Problem to work on: Strip out all images, then restate the data verbatim.

[Items listed in a dataset]
◇ ◇ ◇

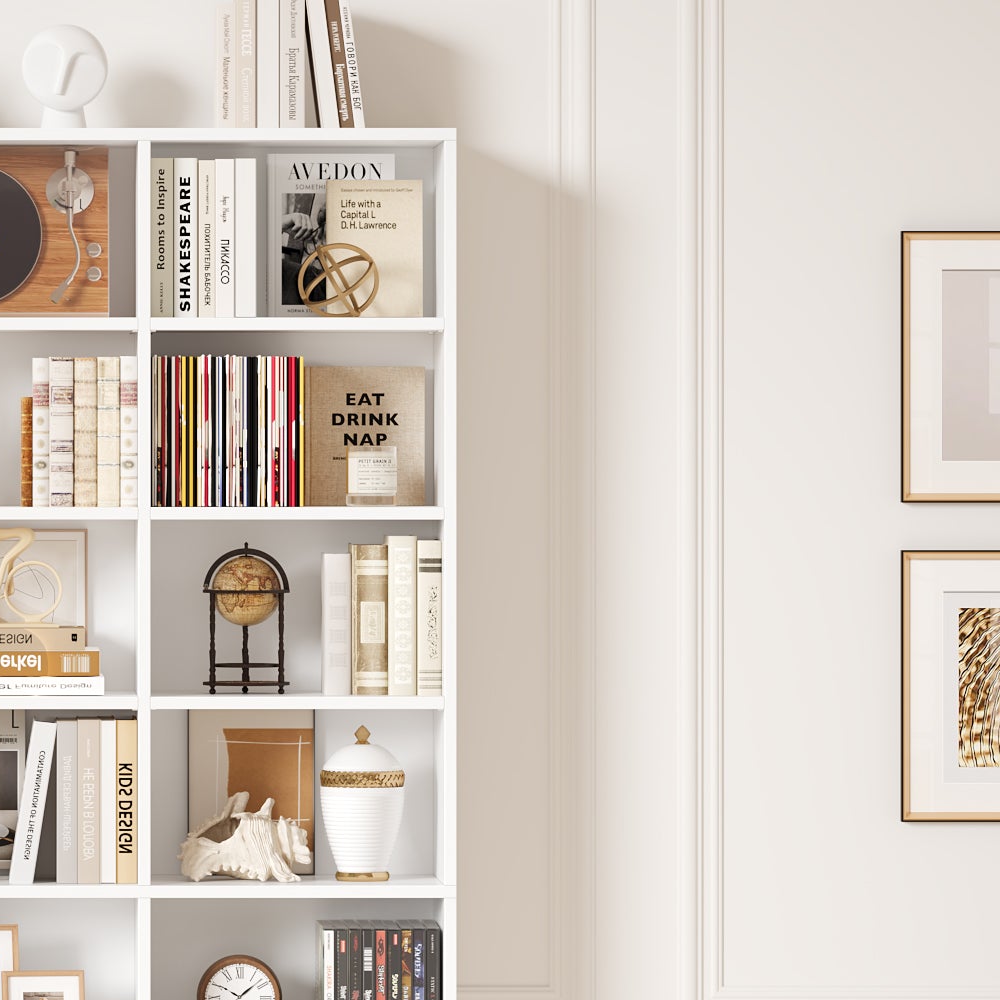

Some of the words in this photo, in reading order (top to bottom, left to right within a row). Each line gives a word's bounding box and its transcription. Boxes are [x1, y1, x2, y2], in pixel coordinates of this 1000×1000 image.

[285, 48, 299, 74] Братья
[345, 42, 357, 77] ГОВОРИ
[353, 97, 362, 110] БОГ
[285, 75, 299, 121] Карамазовы
[288, 162, 383, 180] AVEDON
[156, 168, 167, 210] Inspire
[340, 199, 356, 208] Life
[357, 199, 375, 208] with
[156, 213, 165, 226] to
[340, 210, 369, 219] Capital
[371, 210, 376, 218] L
[340, 221, 348, 229] D.
[349, 221, 358, 229] H.
[359, 221, 397, 229] Lawrence
[156, 230, 165, 270] Rooms
[179, 176, 191, 312] SHAKESPEARE
[220, 239, 230, 285] ПИКАССО
[345, 392, 385, 406] EAT
[331, 413, 399, 426] DRINK
[343, 433, 388, 446] NAP
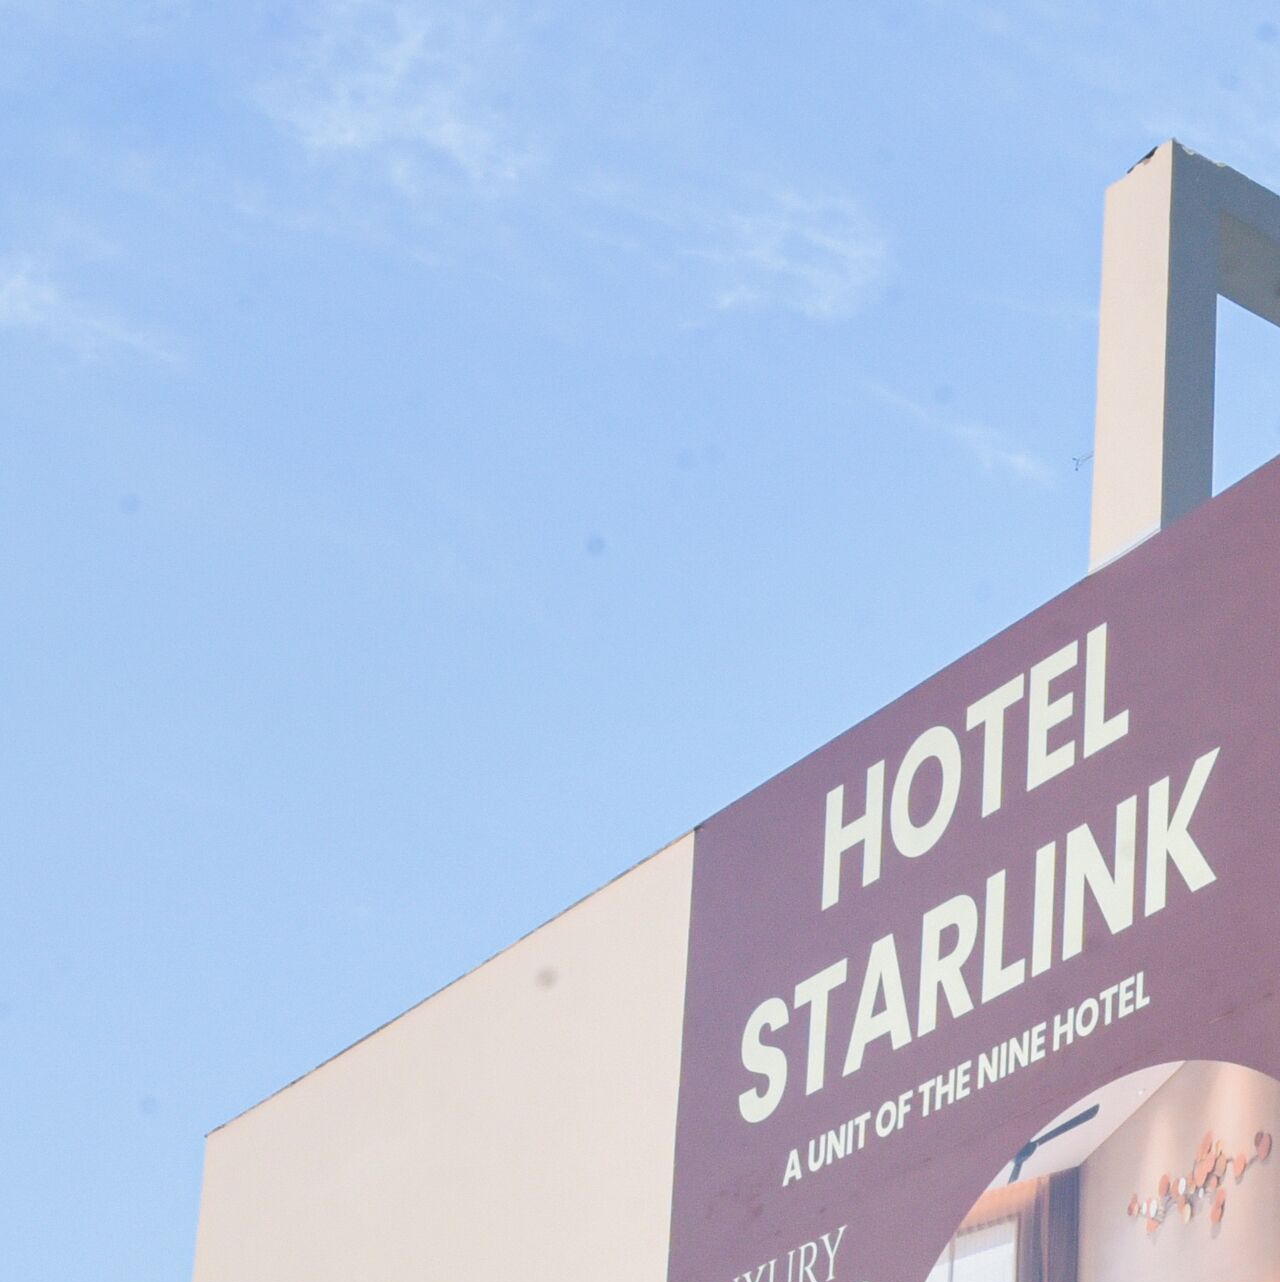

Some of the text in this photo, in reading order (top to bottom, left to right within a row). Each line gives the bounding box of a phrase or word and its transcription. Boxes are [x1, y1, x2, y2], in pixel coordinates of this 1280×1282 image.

[821, 621, 1130, 912] HOTEL
[738, 746, 1221, 1124] STARLINK
[782, 971, 1150, 1188] A UNIT OF THE NINE HOTEL

◇ ◇ ◇

Result for this task:
Some of the words in this photo, in reading order (top to bottom, left to right within a row). Each line gives a word's bounding box and its transcription. Boxes are [x1, y1, x2, y2], in pixel coordinates of this 1000×1000 image.

[285, 48, 299, 74] Братья
[345, 42, 357, 77] ГОВОРИ
[353, 97, 362, 110] БОГ
[285, 75, 299, 121] Карамазовы
[288, 162, 383, 180] AVEDON
[156, 168, 167, 210] Inspire
[340, 199, 356, 208] Life
[357, 199, 375, 208] with
[156, 213, 165, 226] to
[340, 210, 369, 219] Capital
[371, 210, 376, 218] L
[340, 221, 348, 229] D.
[349, 221, 358, 229] H.
[359, 221, 397, 229] Lawrence
[156, 230, 165, 270] Rooms
[179, 176, 191, 312] SHAKESPEARE
[220, 239, 230, 285] ПИКАССО
[345, 392, 385, 406] EAT
[331, 413, 399, 426] DRINK
[343, 433, 388, 446] NAP

Some of the text in this photo, in reading order (top to bottom, left to right within a row). Each line gives the bounding box of a phrase or word and its transcription. Boxes are [x1, y1, x2, y2], in pixel coordinates of this 1280×1282 image.

[821, 621, 1130, 912] HOTEL
[738, 746, 1221, 1124] STARLINK
[782, 971, 1150, 1188] A UNIT OF THE NINE HOTEL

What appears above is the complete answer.